Tauopathies are neurodegenerative disorders characterized by abnormal tau aggregation, with primary 3R (e.g., Picks disease, PiD) and 4R (e.g., progressive supranuclear palsy, PSP) variants posing a significant diagnostic challenge. Here, we examined brain-derived extracellular vesicles (BD-EVs) isolated from the prefrontal cortex of PiD (3R), PSP (4R), and non-demented controls (CTRL) to determine if these vesicles reflect disease-specific proteomic signatures. We found that while tau pathology does not substantially alter BD-EV concentration or the enrichment of core vesicular markers, it does influence their size distribution and protein cargo. BD-EV samples from PiD patients exhibited a greater abundance of small vesicles and distinct protein profiles when compared to PSP and CTRL. Weighted Gene Co-expression Network Analysis (WGCNA) identified four key protein modules to account for variance between patient groups Endoplasmic Reticulum, Mitochondria, Microtubules, and Trivalent Inorganic Cation Transport. In PiD, astrocyte-derived mitochondrial proteins were significantly elevated, whereas neuronal microtubule-related proteins were diminished relative to both PSP and CTRL. Notably, changes in the mitochondrion and microtubule modules enhanced the detection of PiD pathology. Cellular origin annotation revealed a marked shift in BD-EV composition: PiD samples exhibited an increased astrocytic signature, while both PiD and PSP showed a reduction in neuronal proteins compared to CTRL. Crucially, the enrichment of astrocytic mitochondrial and endoplasmic reticulum proteins, alongside reduced neuronal proteins, correlated strongly with the severity of tau pathology (AT8-stained aggregates) in patient brains.
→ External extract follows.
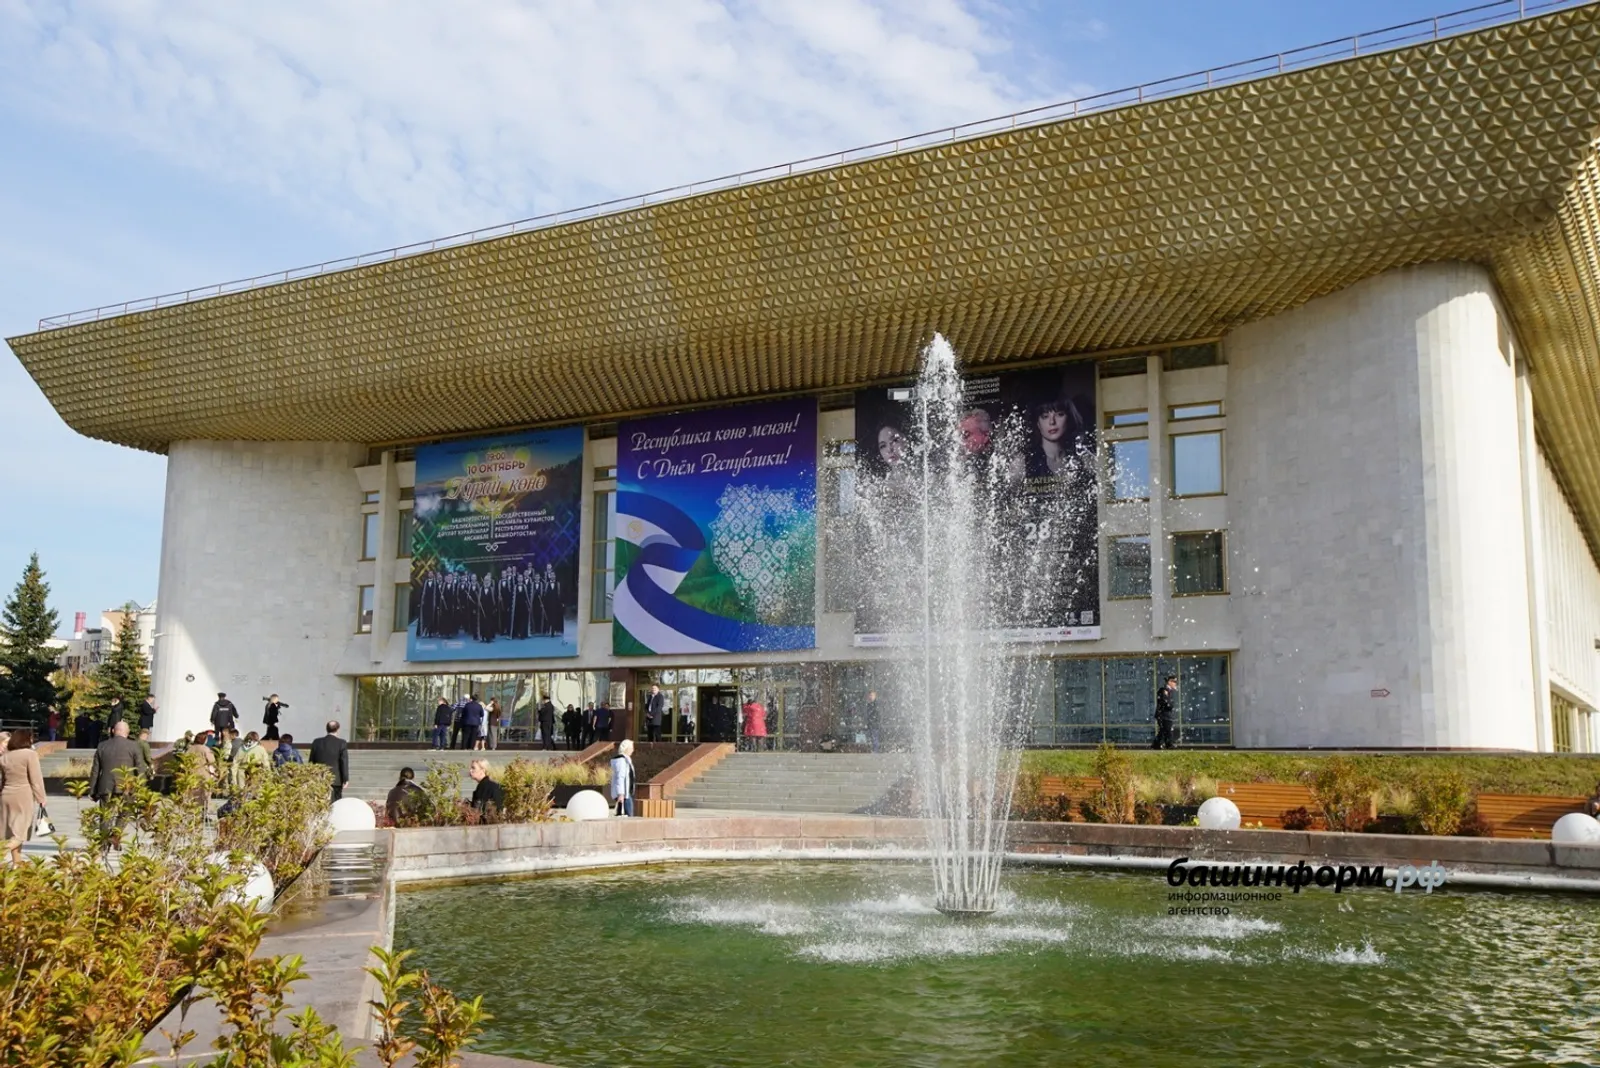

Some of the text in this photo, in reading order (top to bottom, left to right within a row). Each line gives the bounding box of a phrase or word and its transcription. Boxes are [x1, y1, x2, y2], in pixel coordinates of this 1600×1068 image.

These findings demonstrate that BD-EVs capture tau isoform-specific cellular and molecular alterations, offering a window into disease mechanisms at the neuron-glia interface. By linking distinct protein signatures and their cellular origins to tau pathology severity, our results highlight the potential of BD-EV profiling as a biomarker strategy for distinguishing between and monitoring the progression of 3R and 4R tauopathies.